• _PROBLEM REQUIREMENTS_
Omit every picture, then return each line of the data below exactly.

• _RECORDS_

☆ ☆ ☆ ☆ ☆

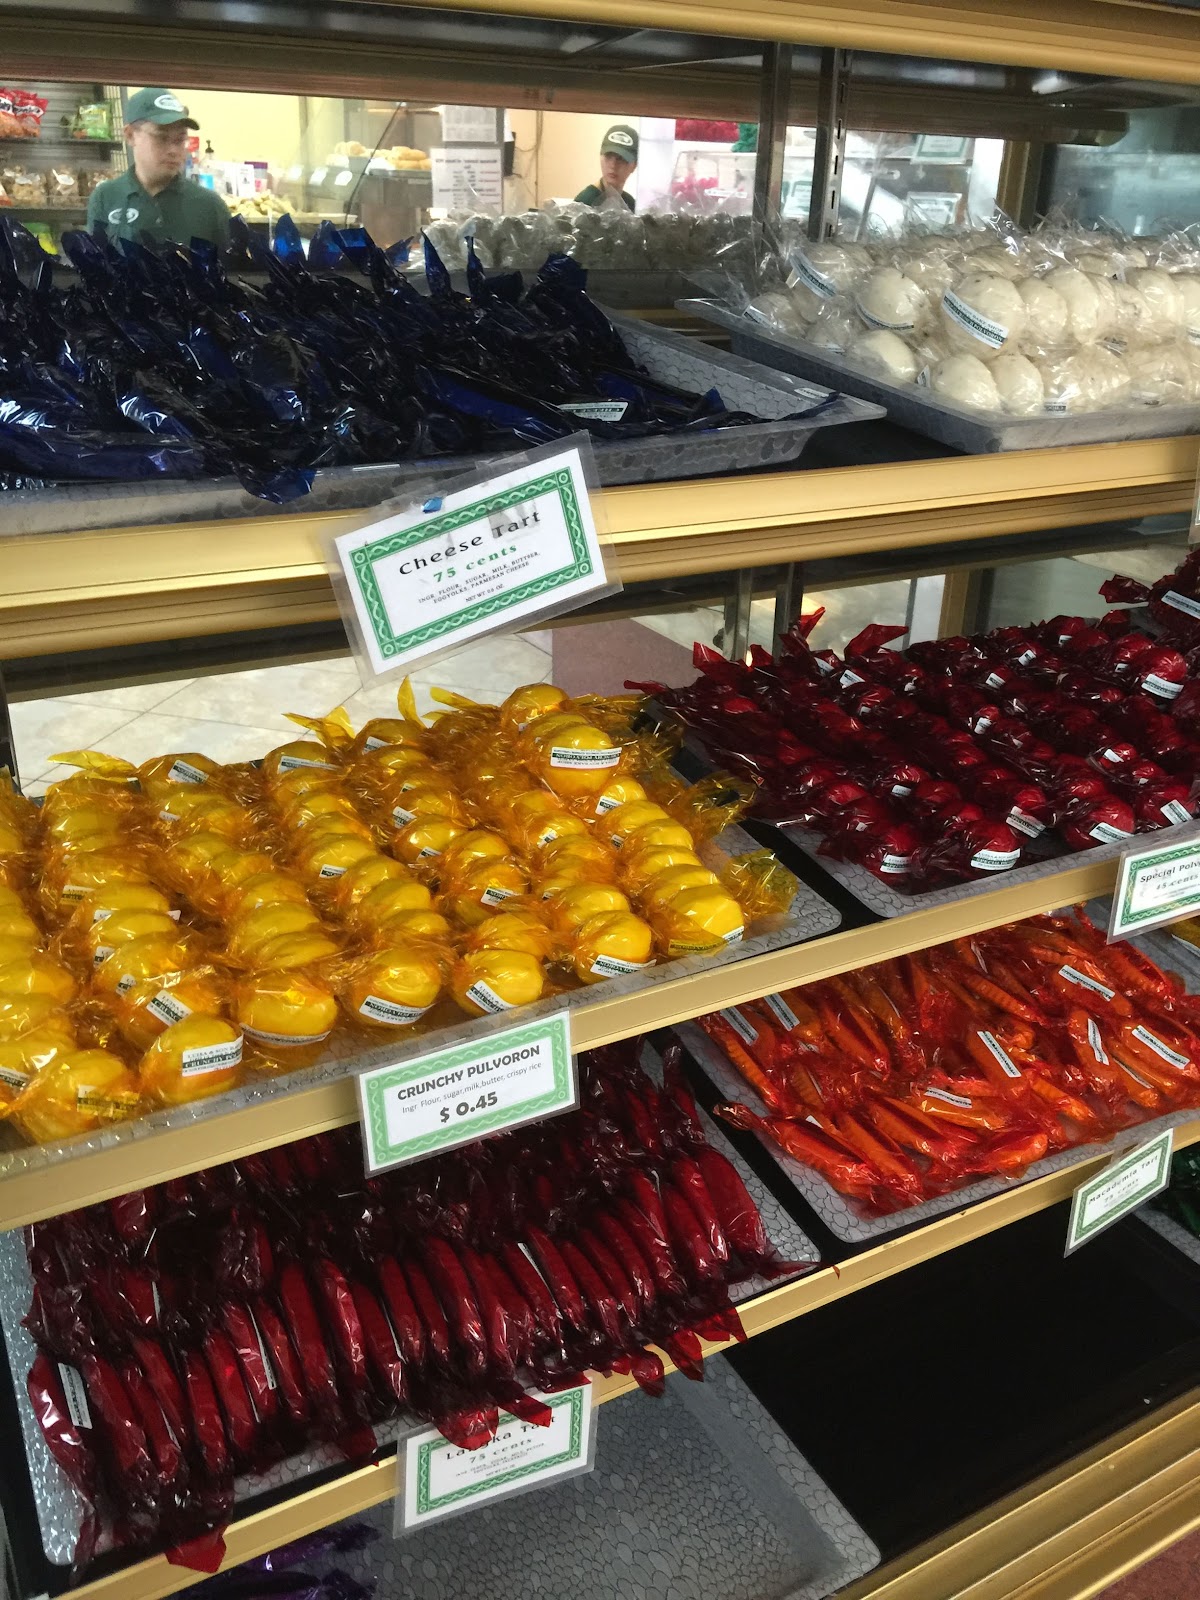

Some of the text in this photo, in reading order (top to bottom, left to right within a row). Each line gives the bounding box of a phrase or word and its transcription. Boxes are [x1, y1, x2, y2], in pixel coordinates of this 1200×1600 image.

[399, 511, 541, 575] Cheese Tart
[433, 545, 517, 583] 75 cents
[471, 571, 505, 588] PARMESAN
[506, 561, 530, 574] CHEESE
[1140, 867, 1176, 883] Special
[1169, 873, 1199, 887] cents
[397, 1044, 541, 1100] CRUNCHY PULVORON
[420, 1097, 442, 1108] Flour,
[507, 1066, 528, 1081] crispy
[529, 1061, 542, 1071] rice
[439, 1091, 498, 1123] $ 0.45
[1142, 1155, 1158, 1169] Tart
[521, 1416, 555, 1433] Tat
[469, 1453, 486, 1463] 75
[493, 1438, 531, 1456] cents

☆ ☆ ☆ ☆ ☆

• _ANSWER_
Some of the text in this photo, in reading order (top to bottom, left to right within a row). Each line gives the bounding box of a phrase or word and its transcription. Boxes are [x1, y1, x2, y2], in pixel coordinates of this 1200×1600 image.

[399, 511, 541, 575] Cheese Tart
[433, 545, 517, 583] 75 cents
[471, 571, 505, 588] PARMESAN
[506, 561, 530, 574] CHEESE
[1140, 867, 1176, 883] Special
[1169, 873, 1199, 887] cents
[397, 1044, 541, 1100] CRUNCHY PULVORON
[420, 1097, 442, 1108] Flour,
[507, 1066, 528, 1081] crispy
[529, 1061, 542, 1071] rice
[439, 1091, 498, 1123] $ 0.45
[1142, 1155, 1158, 1169] Tart
[521, 1416, 555, 1433] Tat
[469, 1453, 486, 1463] 75
[493, 1438, 531, 1456] cents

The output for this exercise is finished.